What is the energy of the photon emitted when the electron in a hydrogen atom drops from energy level E5 to energy level E2?
E = R(1/n^2 - 1/n^2)
R = 1.097E7*(1/4 - 1/25)
To determine the energy of the photon emitted when the electron in a hydrogen atom drops from energy level E5 to energy level E2, we can use the formula:
ΔE = E_final - E_initial
where ΔE is the change in energy, E_final is the energy of the final state, and E_initial is the energy of the initial state.

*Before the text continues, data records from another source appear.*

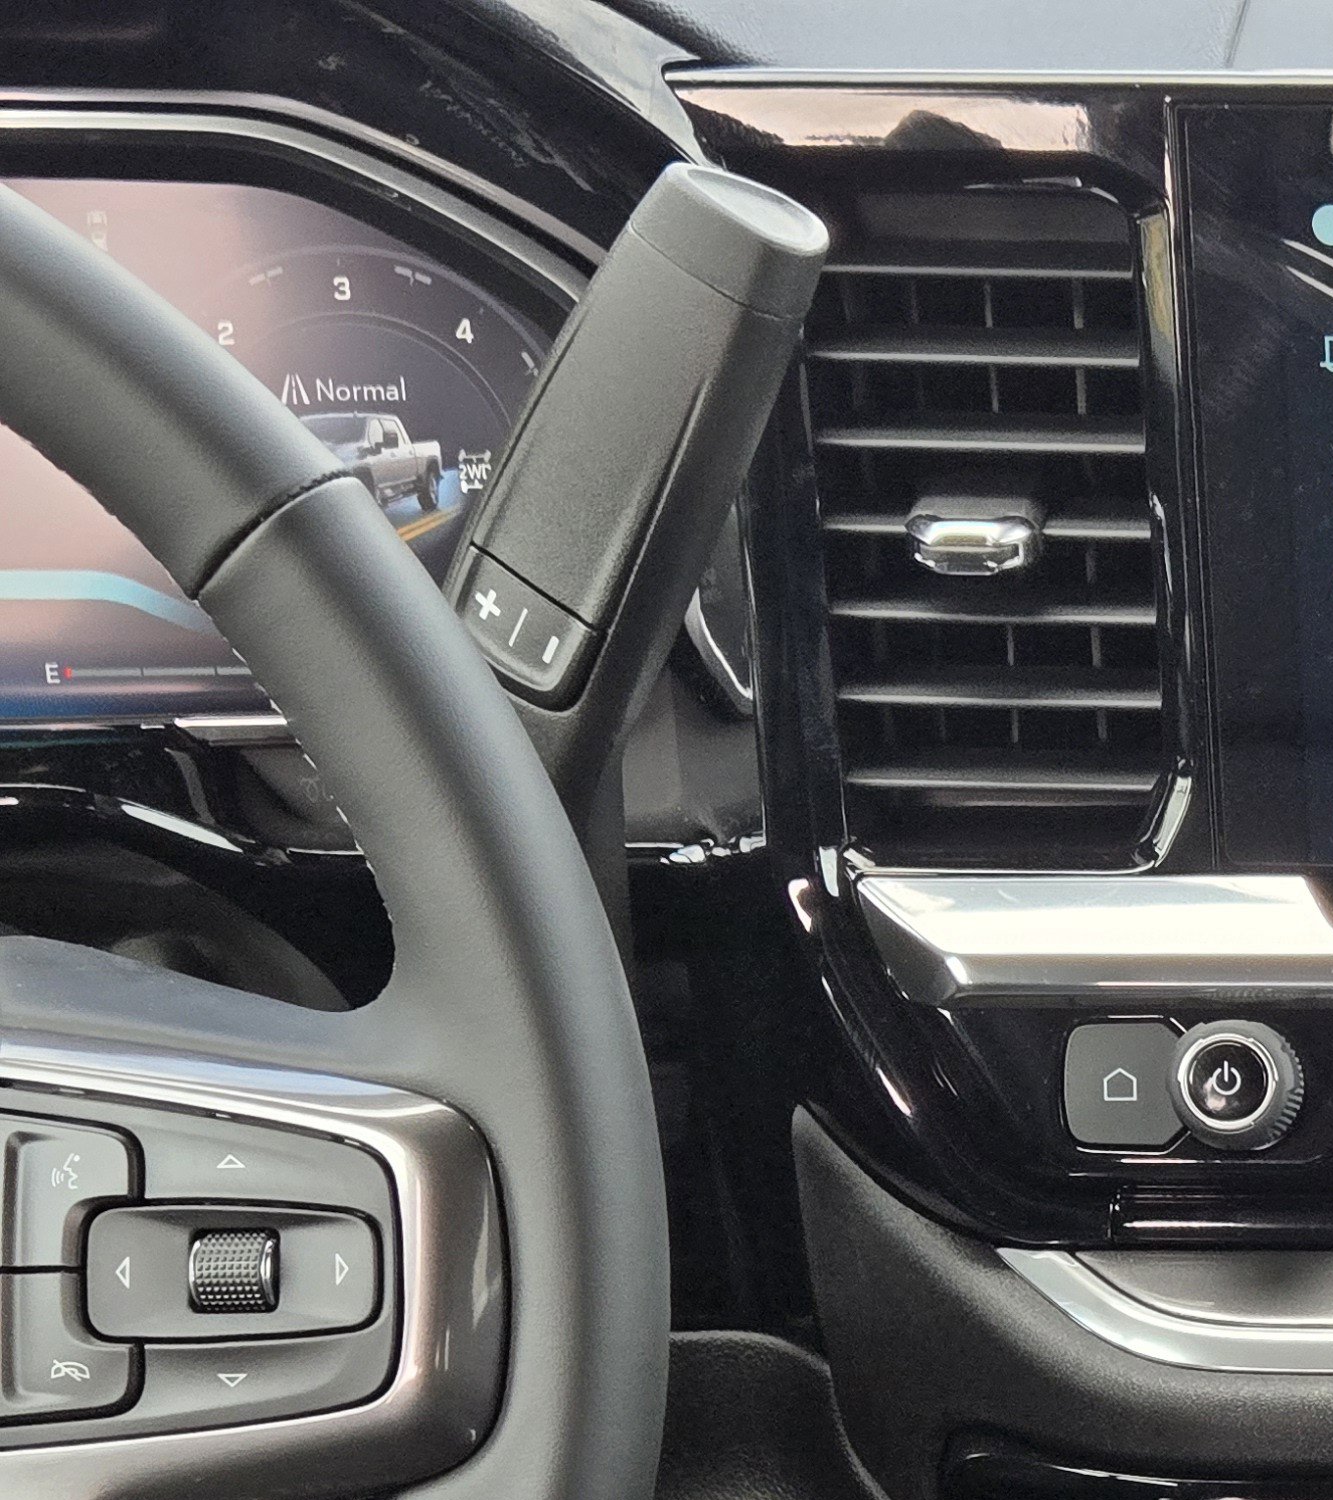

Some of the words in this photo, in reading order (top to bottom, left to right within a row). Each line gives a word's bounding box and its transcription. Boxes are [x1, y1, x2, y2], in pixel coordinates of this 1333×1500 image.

[332, 276, 351, 302] 3
[216, 323, 235, 346] 2
[455, 318, 474, 343] 4
[315, 377, 407, 403] Normal
[46, 662, 60, 684] E

In hydrogen, the energy levels are given by the formula:
En = -13.6 eV / n^2
where n is the principal quantum number.
First, let's calculate the energy of the electron in the final state, E_final, using n = 2:
E_final = -13.6 eV / (2^2)
= -13.6 eV / 4
= -3.4 eV
Next, let's calculate the energy of the electron in the initial state, E_initial, using n = 5:
E_initial = -13.6 eV / (5^2)
= -13.6 eV / 25
= -0.544 eV
Now, we can find the change in energy, ΔE:
ΔE = E_final - E_initial
= -3.4 eV - (-0.544 eV)
= -2.856 eV
Finally, to convert the energy to joules, we can use the conversion factor:
1 eV = 1.602 x 10^-19 Joules
Thus, to convert the energy from eV to Joules:
Energy = ΔE x (1.602 x 10^-19)
= -2.856 eV x (1.602 x 10^-19)
= -4.58 x 10^-19 Joules
Therefore, the energy of the photon emitted when the electron in a hydrogen atom drops from energy level E5 to energy level E2 is approximately -4.58 x 10^-19 Joules. Note that the negative sign indicates that energy is being emitted.